* PROBLEM DETAILS: Your answer must be an exact transcription of every record below, with the pictures omitted.

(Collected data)

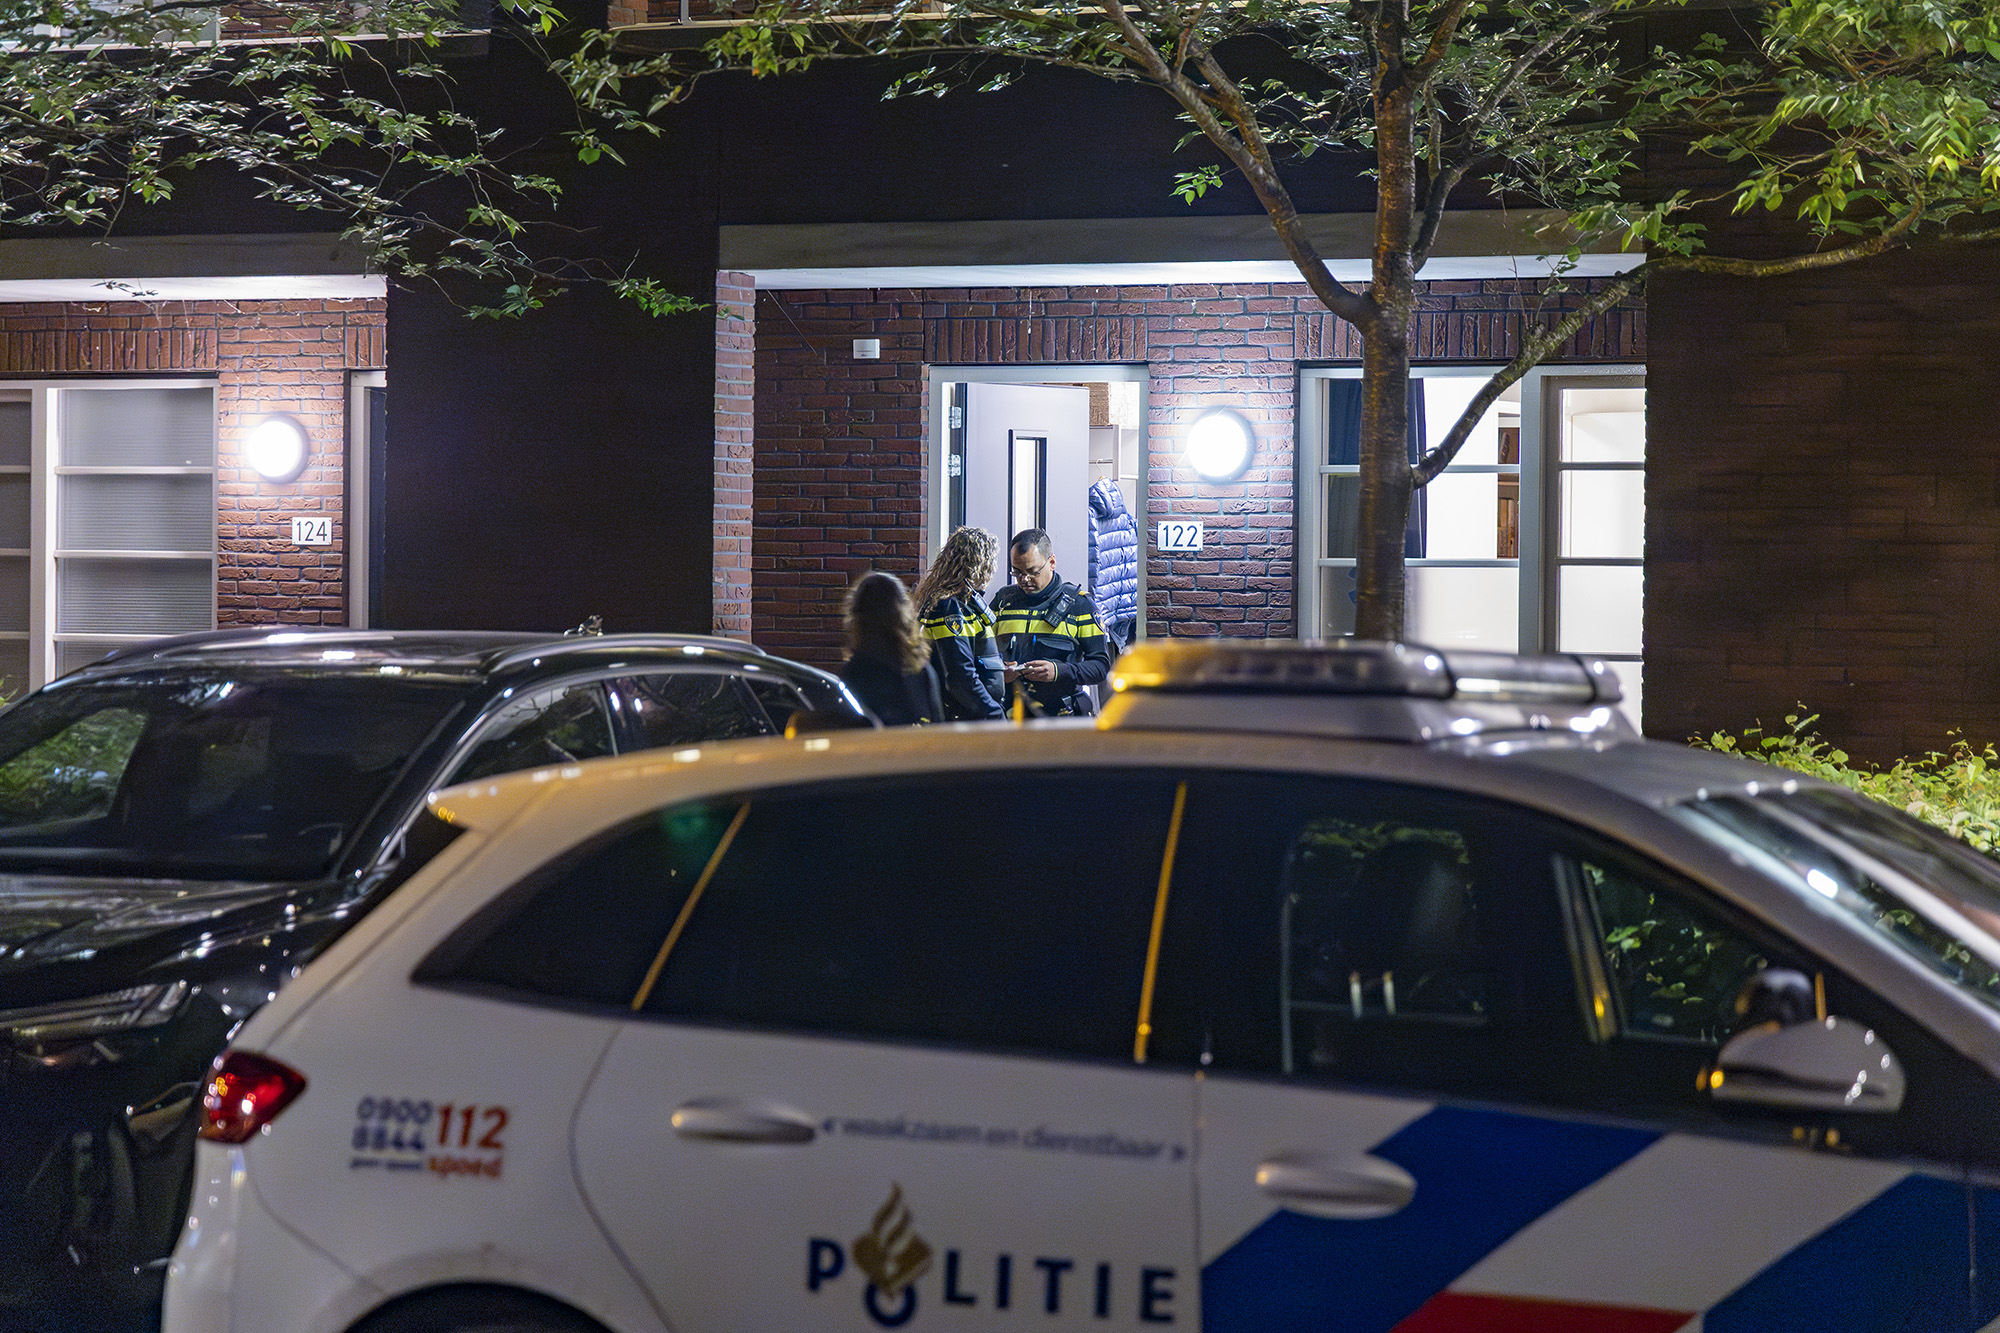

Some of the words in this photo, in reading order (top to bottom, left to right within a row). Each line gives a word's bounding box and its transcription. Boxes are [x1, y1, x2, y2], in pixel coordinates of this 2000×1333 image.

[296, 520, 328, 542] 124
[1163, 524, 1198, 547] 122
[356, 1096, 433, 1125] 0900
[437, 1103, 508, 1150] 112
[807, 1236, 1176, 1329] POLITIE
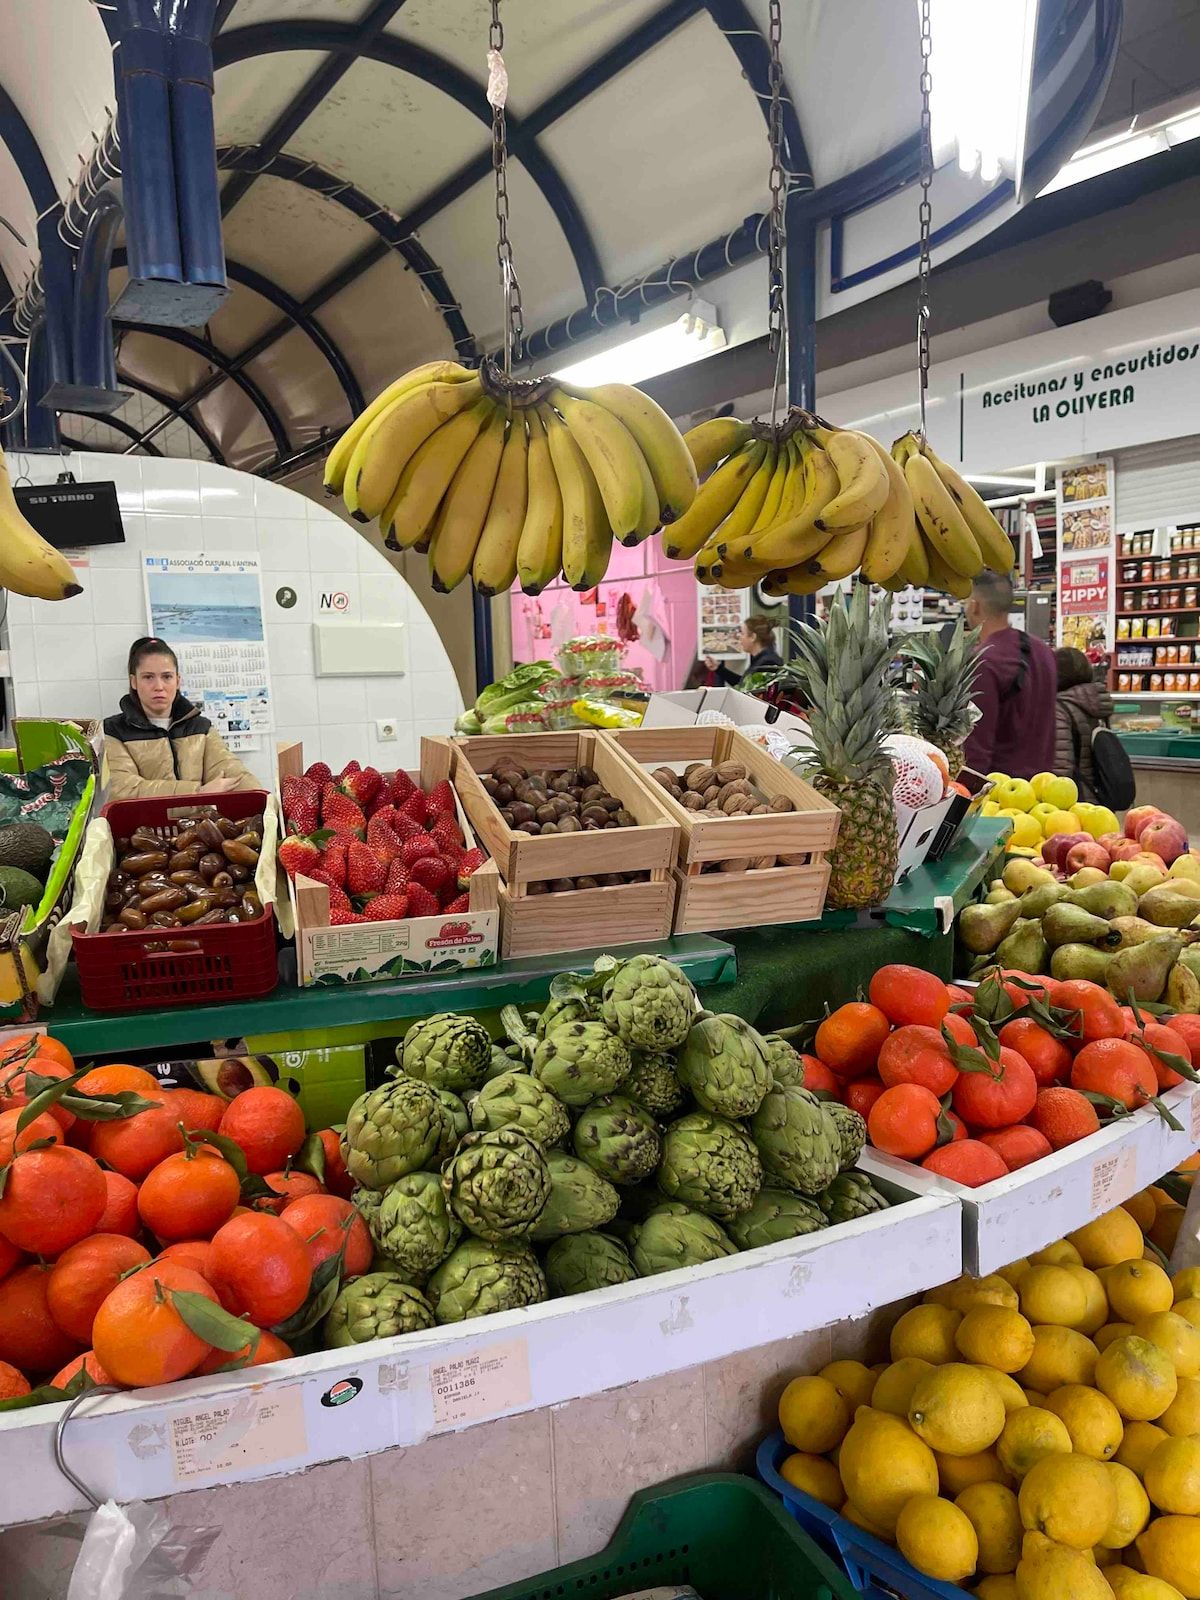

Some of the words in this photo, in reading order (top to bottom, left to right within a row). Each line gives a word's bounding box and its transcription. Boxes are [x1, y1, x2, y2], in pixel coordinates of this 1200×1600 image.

[983, 376, 1067, 408] Aceitunas
[1074, 371, 1084, 391] y
[1091, 344, 1200, 382] encurtidos
[1033, 404, 1050, 423] LA
[1056, 385, 1135, 418] OLIVERA
[50, 494, 94, 502] TURNO
[1062, 586, 1106, 602] ZIPPY

* SOLUTION TO THIS EXERCISE:
Some of the words in this photo, in reading order (top to bottom, left to right within a row). Each line gives a word's bounding box and its transcription. Boxes are [x1, y1, x2, y2], in pixel coordinates of this 2000×1333 image.

[296, 520, 328, 542] 124
[1163, 524, 1198, 547] 122
[356, 1096, 433, 1125] 0900
[437, 1103, 508, 1150] 112
[807, 1236, 1176, 1329] POLITIE

Some of the words in this photo, in reading order (top to bottom, left to right within a row). Each line gives a word's bounding box and its transcription. Boxes are [x1, y1, x2, y2], in pixel coordinates of this 1200×1600 image.

[983, 376, 1067, 408] Aceitunas
[1074, 371, 1084, 391] y
[1091, 344, 1200, 382] encurtidos
[1033, 404, 1050, 423] LA
[1056, 385, 1135, 418] OLIVERA
[50, 494, 94, 502] TURNO
[1062, 586, 1106, 602] ZIPPY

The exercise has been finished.